> **INFORMATION**
******
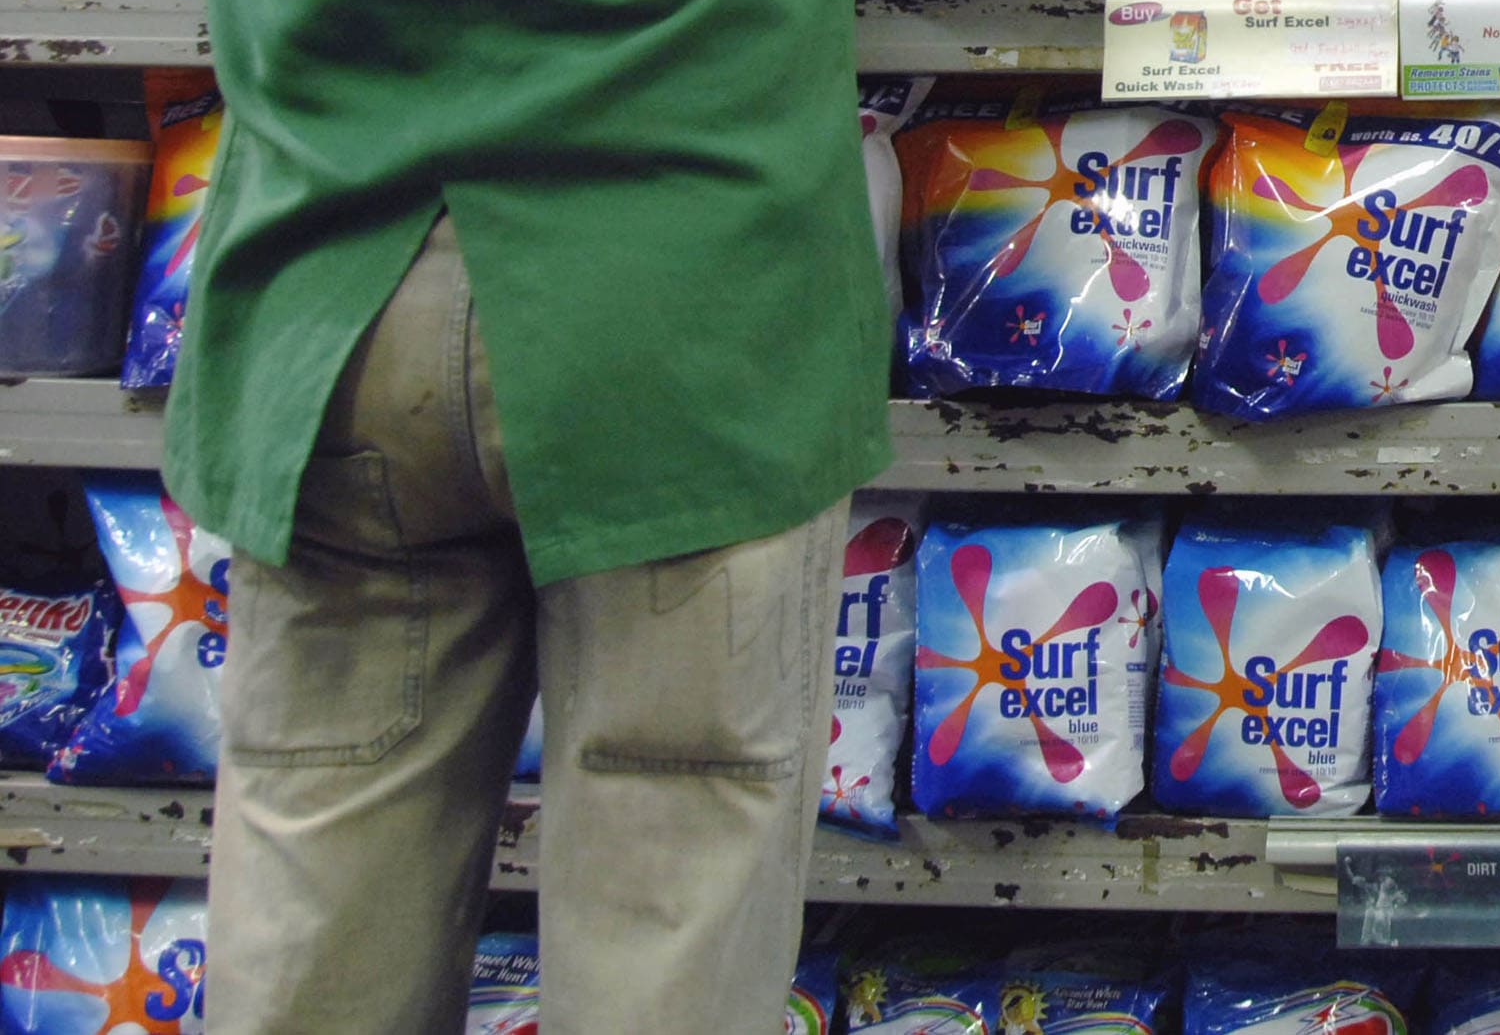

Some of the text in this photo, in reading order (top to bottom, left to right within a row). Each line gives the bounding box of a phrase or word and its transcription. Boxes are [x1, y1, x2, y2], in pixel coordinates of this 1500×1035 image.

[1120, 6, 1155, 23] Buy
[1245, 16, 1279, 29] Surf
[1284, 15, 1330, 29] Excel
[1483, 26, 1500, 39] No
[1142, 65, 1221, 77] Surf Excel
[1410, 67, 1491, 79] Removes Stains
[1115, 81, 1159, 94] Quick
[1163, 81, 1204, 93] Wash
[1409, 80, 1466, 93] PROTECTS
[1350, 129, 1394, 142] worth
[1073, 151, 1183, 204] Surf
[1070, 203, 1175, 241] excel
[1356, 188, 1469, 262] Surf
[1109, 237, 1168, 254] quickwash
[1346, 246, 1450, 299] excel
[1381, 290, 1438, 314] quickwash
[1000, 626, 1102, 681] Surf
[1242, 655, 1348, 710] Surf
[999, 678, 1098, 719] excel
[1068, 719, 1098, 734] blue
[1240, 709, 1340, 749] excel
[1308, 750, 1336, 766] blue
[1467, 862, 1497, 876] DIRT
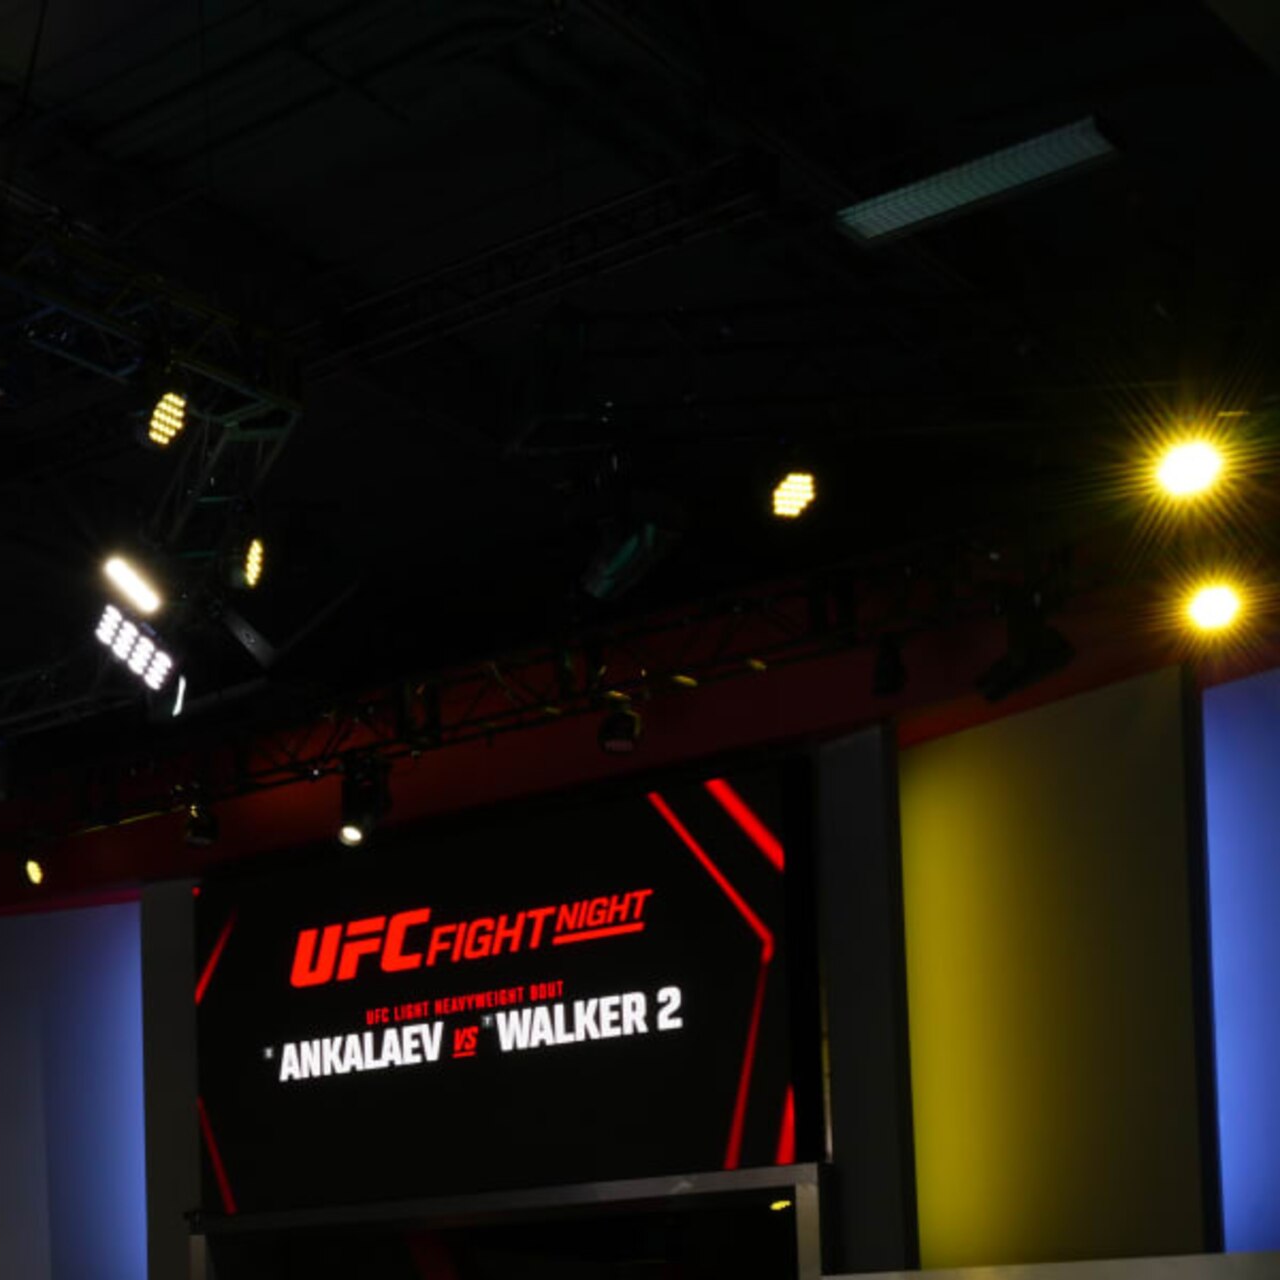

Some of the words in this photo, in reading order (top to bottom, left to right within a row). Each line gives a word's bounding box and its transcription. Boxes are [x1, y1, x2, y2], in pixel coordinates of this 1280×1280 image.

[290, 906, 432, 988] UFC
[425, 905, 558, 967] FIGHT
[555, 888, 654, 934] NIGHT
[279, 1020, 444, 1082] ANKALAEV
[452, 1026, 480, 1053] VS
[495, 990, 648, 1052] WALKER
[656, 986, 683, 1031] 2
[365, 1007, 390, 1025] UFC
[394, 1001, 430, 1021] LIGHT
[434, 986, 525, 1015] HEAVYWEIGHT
******
> **EXERCISE PROMPT**
Leaving the pictures aside, output each entry above exactly as written.

> **TASK RESULT**
Some of the text in this photo, in reading order (top to bottom, left to right within a row). Each line gives the bounding box of a phrase or word and its transcription. Boxes are [x1, y1, x2, y2], in pixel coordinates of this 1500×1035 image.

[1120, 6, 1155, 23] Buy
[1245, 16, 1279, 29] Surf
[1284, 15, 1330, 29] Excel
[1483, 26, 1500, 39] No
[1142, 65, 1221, 77] Surf Excel
[1410, 67, 1491, 79] Removes Stains
[1115, 81, 1159, 94] Quick
[1163, 81, 1204, 93] Wash
[1409, 80, 1466, 93] PROTECTS
[1350, 129, 1394, 142] worth
[1073, 151, 1183, 204] Surf
[1070, 203, 1175, 241] excel
[1356, 188, 1469, 262] Surf
[1109, 237, 1168, 254] quickwash
[1346, 246, 1450, 299] excel
[1381, 290, 1438, 314] quickwash
[1000, 626, 1102, 681] Surf
[1242, 655, 1348, 710] Surf
[999, 678, 1098, 719] excel
[1068, 719, 1098, 734] blue
[1240, 709, 1340, 749] excel
[1308, 750, 1336, 766] blue
[1467, 862, 1497, 876] DIRT

Some of the words in this photo, in reading order (top to bottom, left to right within a row). Each line gives a word's bounding box and its transcription. Boxes are [x1, y1, x2, y2], in pixel coordinates of this 1280×1280 image.

[290, 906, 432, 988] UFC
[425, 905, 558, 967] FIGHT
[555, 888, 654, 934] NIGHT
[279, 1020, 444, 1082] ANKALAEV
[452, 1026, 480, 1053] VS
[495, 990, 648, 1052] WALKER
[656, 986, 683, 1031] 2
[365, 1007, 390, 1025] UFC
[394, 1001, 430, 1021] LIGHT
[434, 986, 525, 1015] HEAVYWEIGHT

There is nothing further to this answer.